Sie kann natürlich auch ganz privat zu Hause gespielt und genossen werden. Die Musikinstrumente bringen unabhängig von Können, Hintergrund und Alter jedem Musikliebhaber Spaß. Auch als Einstieg in die Welt der Musik kann die Kalimba fantastisch für Kinder sein. Die sehr viel Spaß daran haben, sie zu erlernen und zu spielen.

Fazit:

Die Kalimba versprüht ein kleines bisschen Afrika Flair, aufgrund ihrer Herkunft. Sie wurde damals schon geehrt und geschätzt und wird es auch heute noch. Das kleine Holzinstrument wird auch in der ganz großen Musik-Szene eingesetzt und findet ihren Anklang sogar in den ganz großen Musik-Ensembles.

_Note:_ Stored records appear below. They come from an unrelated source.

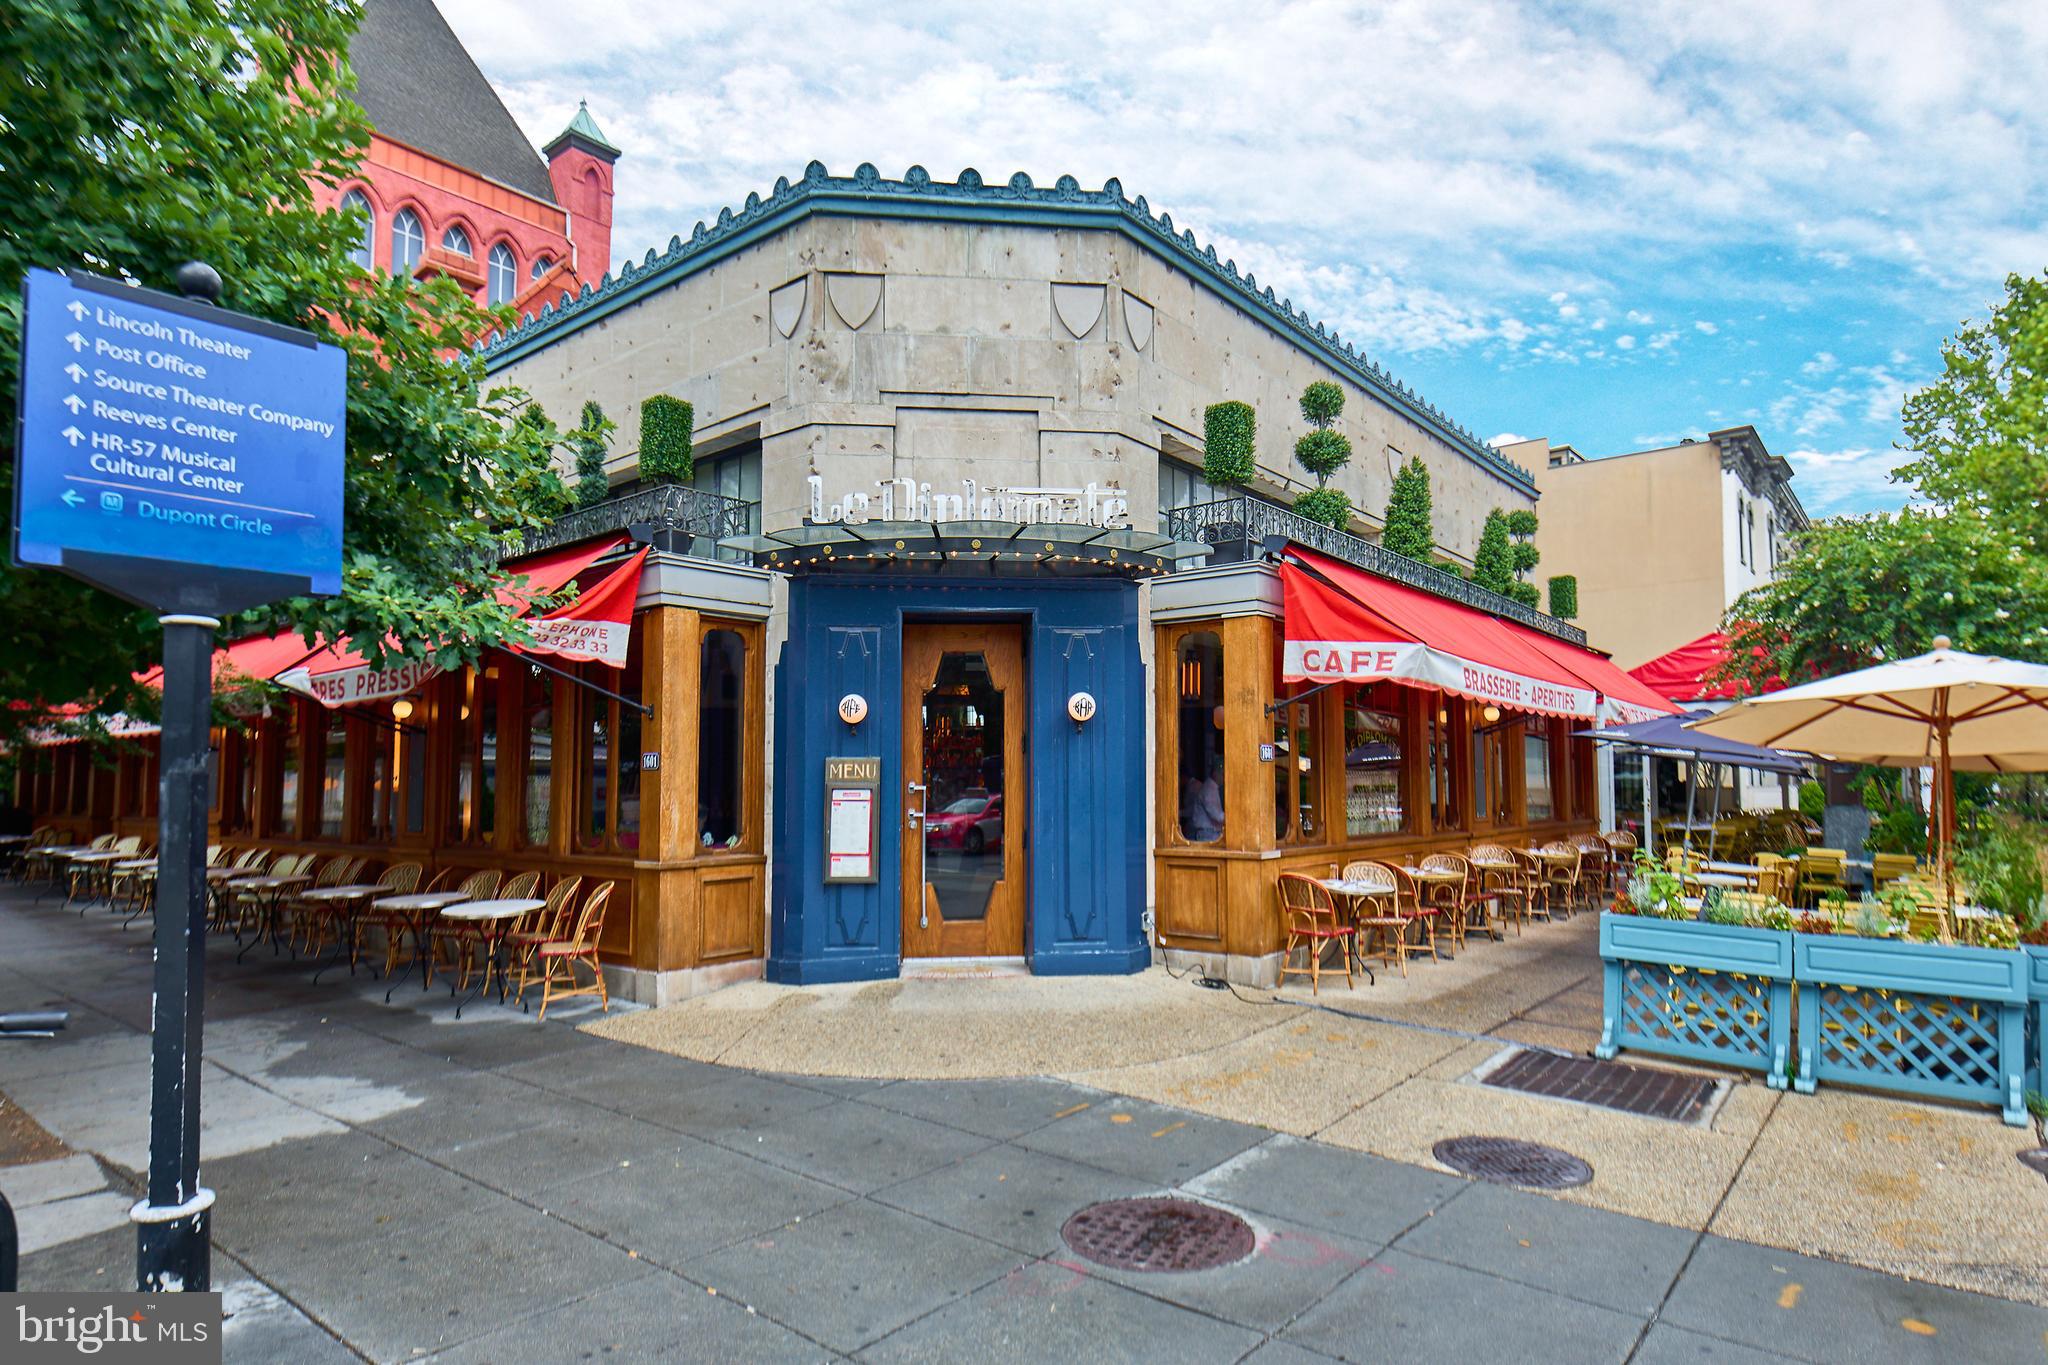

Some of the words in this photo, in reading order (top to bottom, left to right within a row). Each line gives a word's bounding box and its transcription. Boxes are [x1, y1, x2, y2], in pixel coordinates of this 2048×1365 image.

[96, 306, 173, 342] Lincoln
[177, 326, 252, 361] Theater
[95, 338, 141, 367] Post
[146, 351, 207, 379] Office
[92, 400, 167, 431] Reeves
[171, 415, 238, 444] Center
[94, 369, 167, 401] Source
[171, 384, 246, 417] Theater
[248, 404, 335, 439] Company
[91, 431, 156, 457] HR-57
[161, 444, 236, 473] Musical
[90, 454, 174, 483] Cultural
[178, 468, 245, 494] Center
[138, 500, 216, 527] Dupont
[220, 513, 273, 536] Circle
[807, 475, 869, 526] Le
[874, 477, 1129, 530] Diplomate
[1302, 648, 1399, 674] CAFE
[1463, 667, 1521, 701] BRASSERIE
[1531, 685, 1575, 711] APERITIFS
[829, 763, 877, 779] MENU
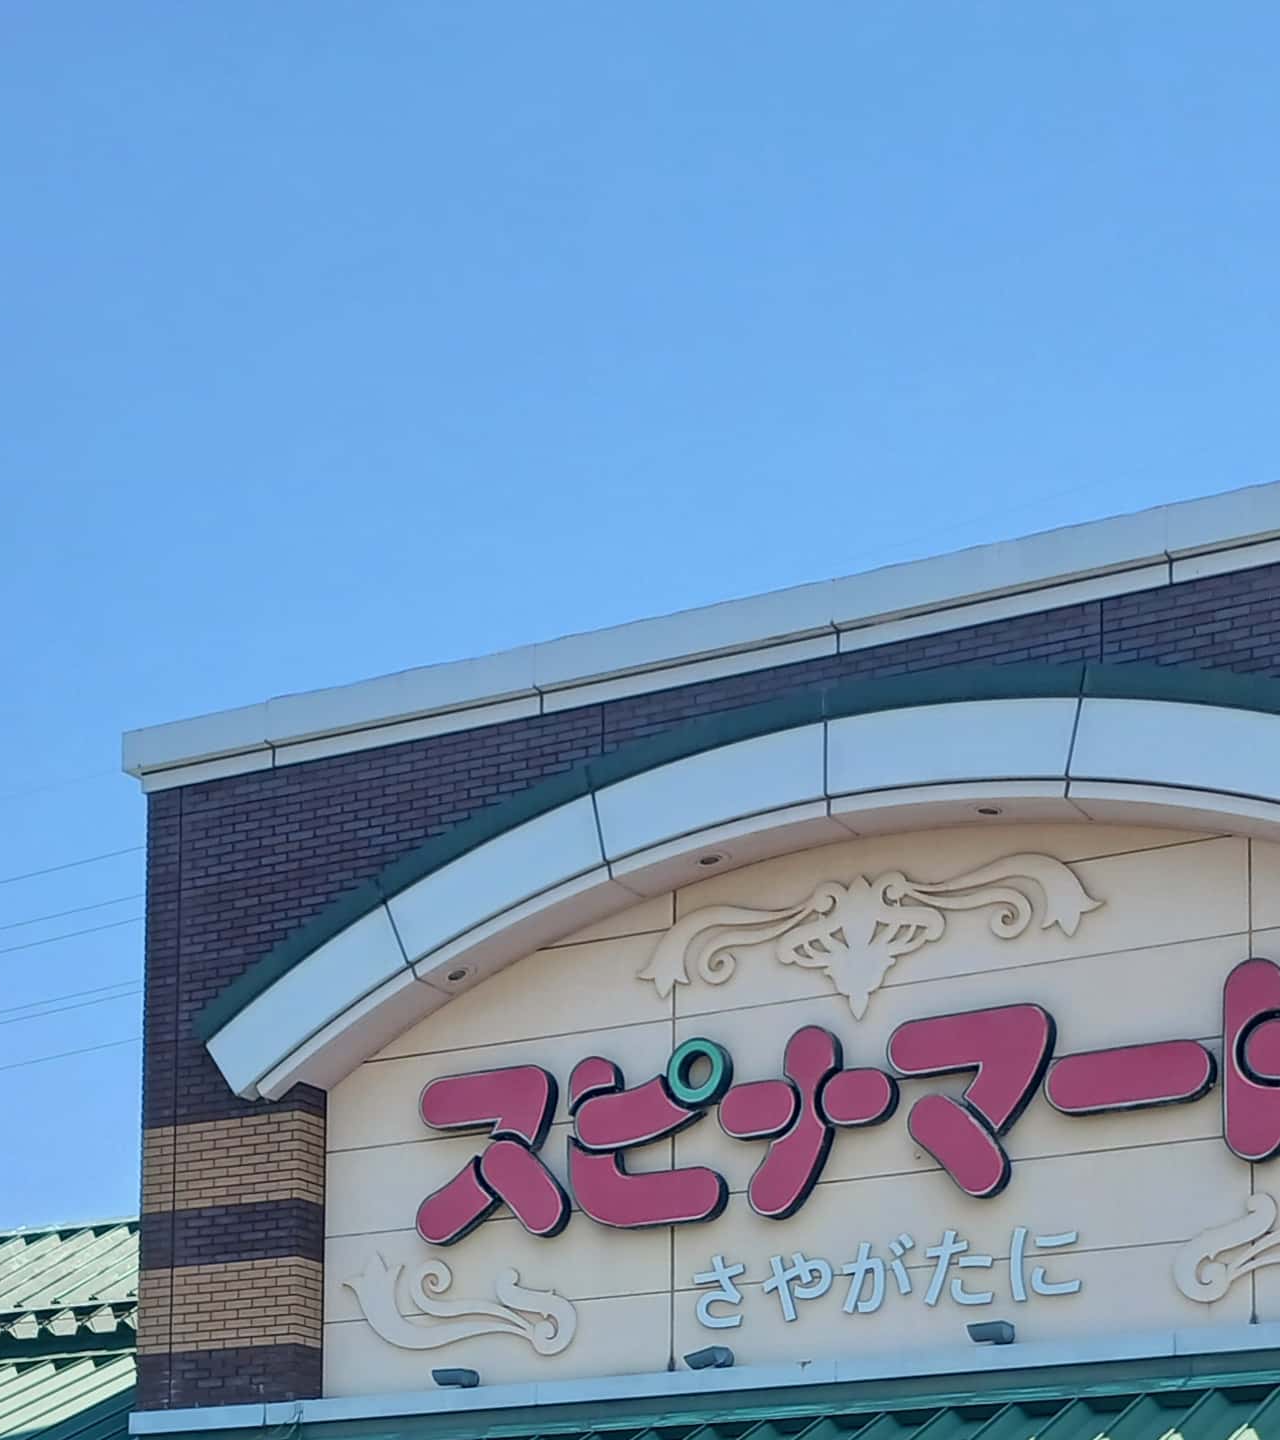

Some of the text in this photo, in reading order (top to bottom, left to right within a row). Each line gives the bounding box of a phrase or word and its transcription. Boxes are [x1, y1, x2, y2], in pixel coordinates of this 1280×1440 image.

[692, 1226, 1082, 1328] さやがたに
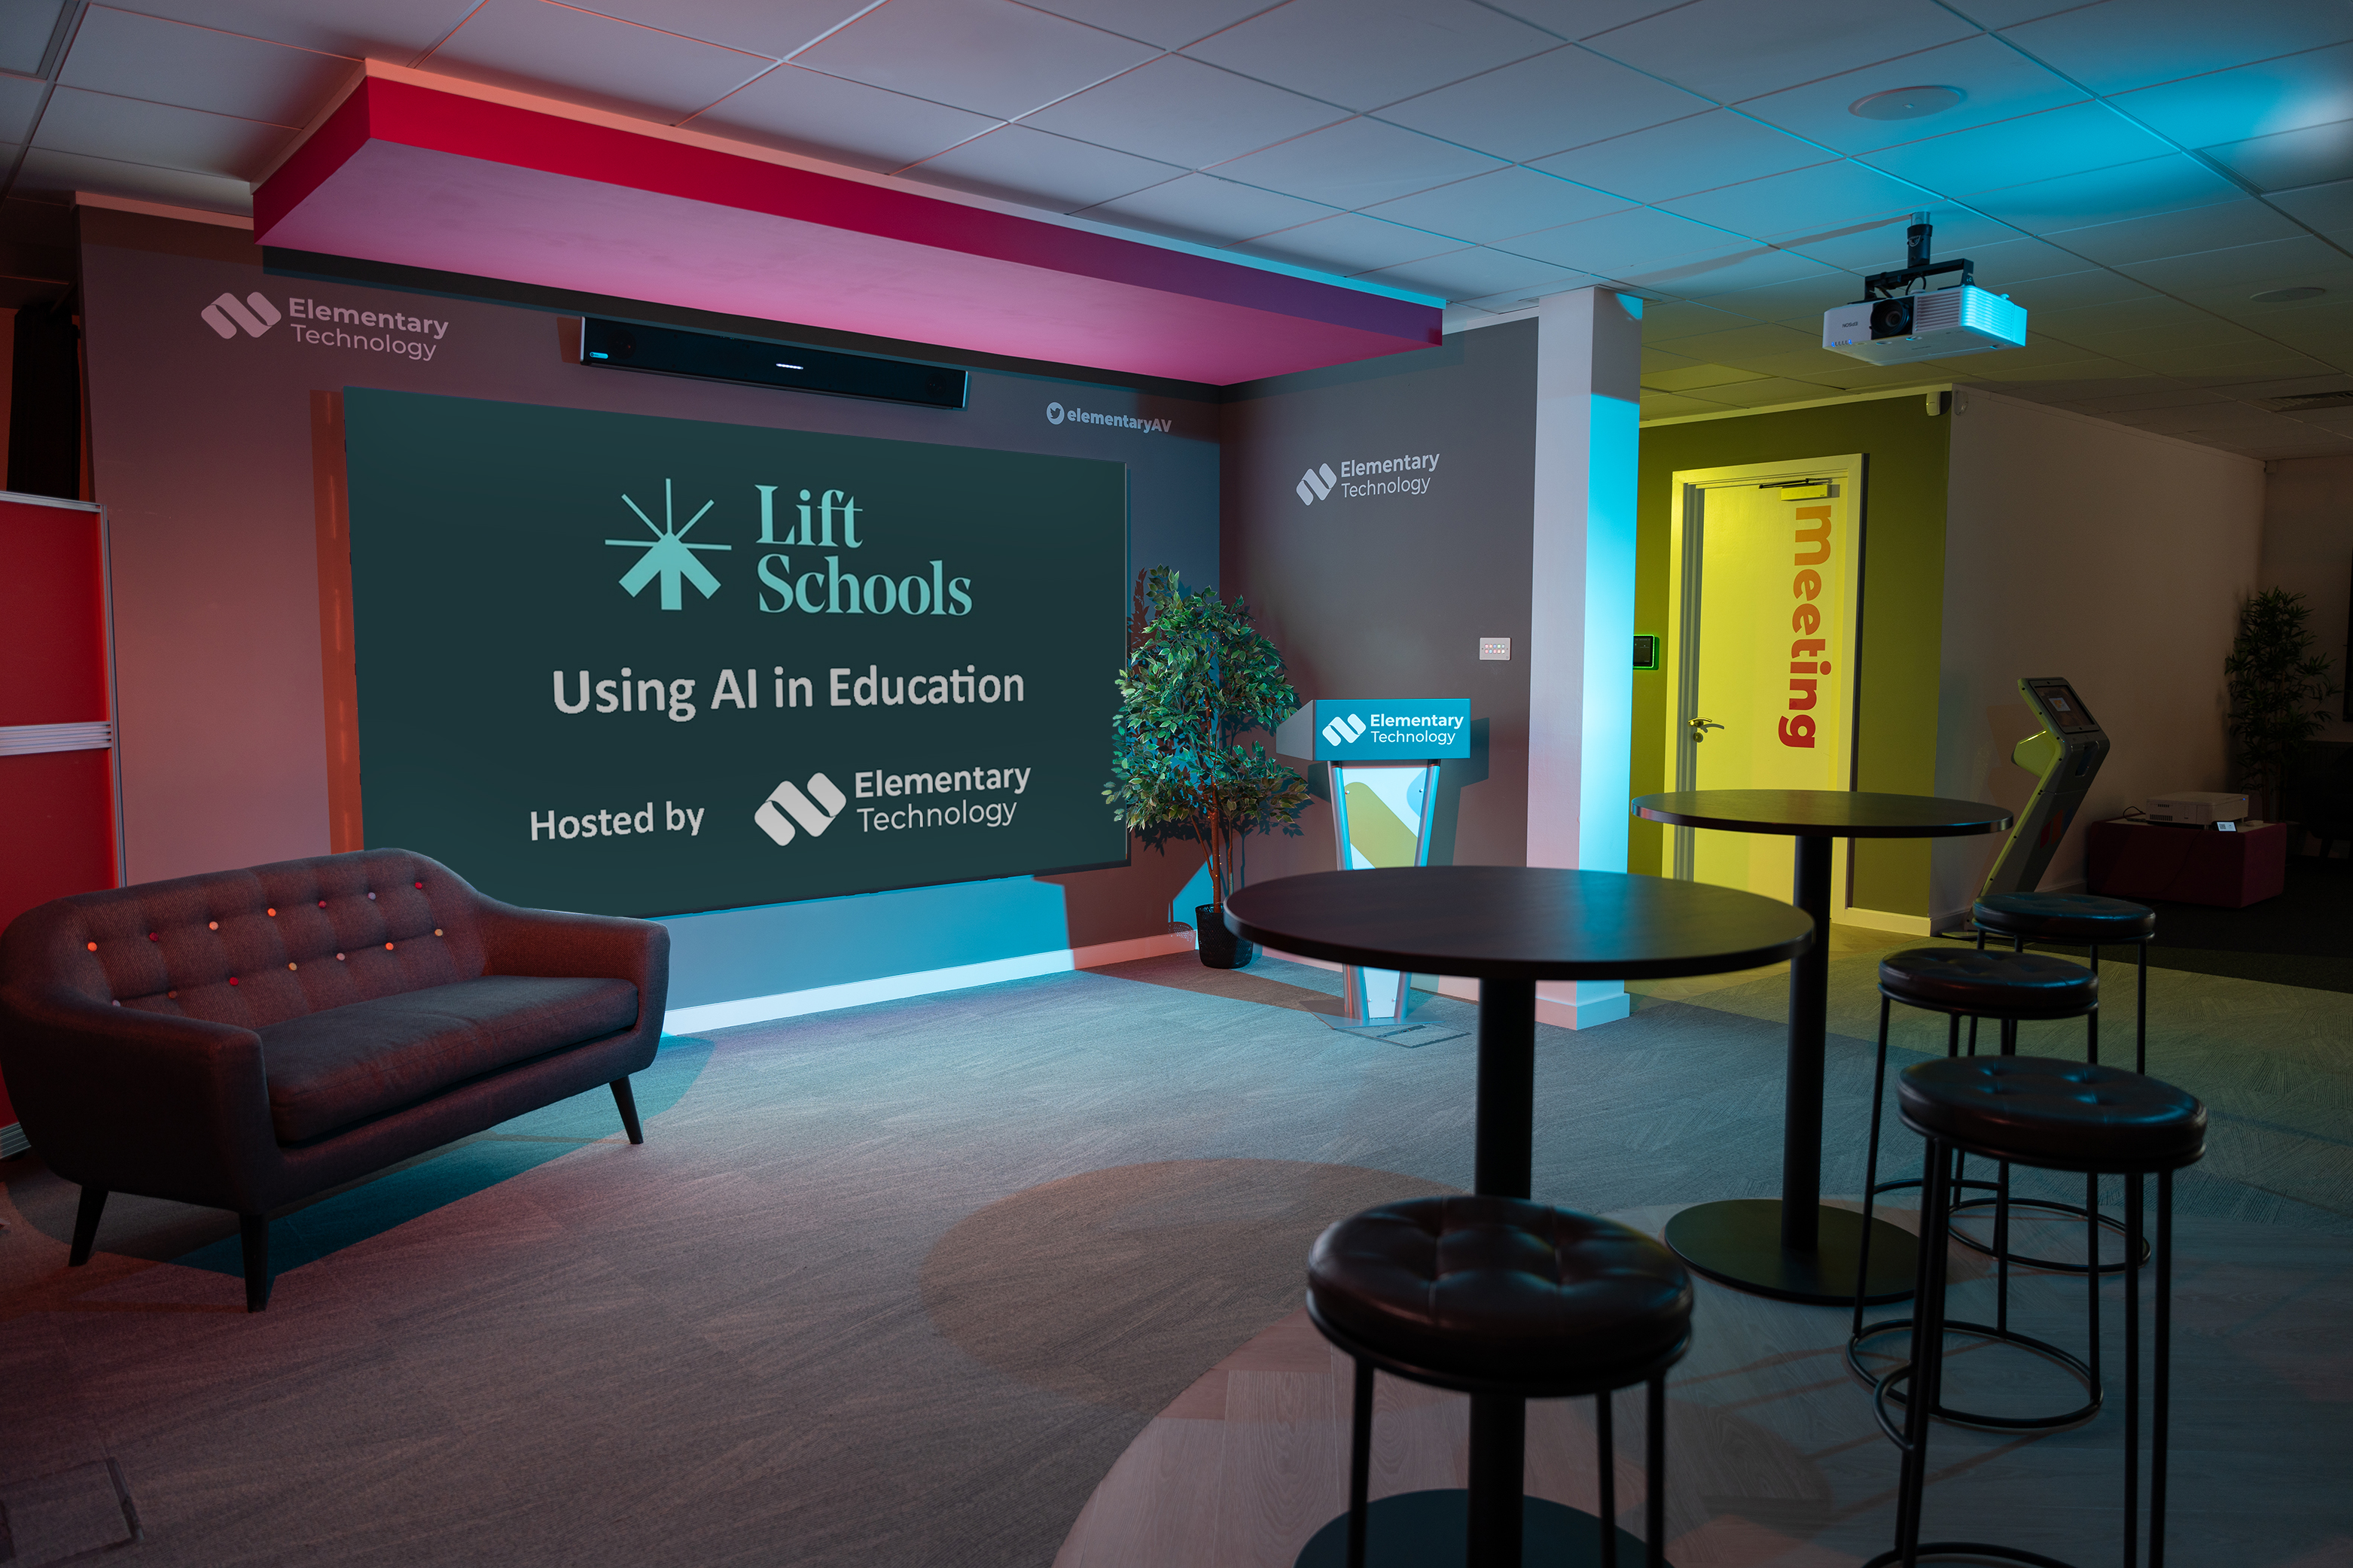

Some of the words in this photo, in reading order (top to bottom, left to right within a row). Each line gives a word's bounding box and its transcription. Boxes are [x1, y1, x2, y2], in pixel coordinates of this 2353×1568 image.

Es besteht kein Zweifel daran, dass das Spielen einer Kalimba großen Spaß machen kann. Ebenso wie die Klänge für Entspannung und Meditation sorgen kann. Das Spielen dieses Instruments ist sehr einfach zu erlernen und es wird keinen Lehrer benötigt.
Daher ist sie auch für Kinder hervorragend geeignet.
Vor allem hat sie die positive Eigenschaft, dass Menschen, die unter schweren Krankheiten leiden, geholfen werden kann.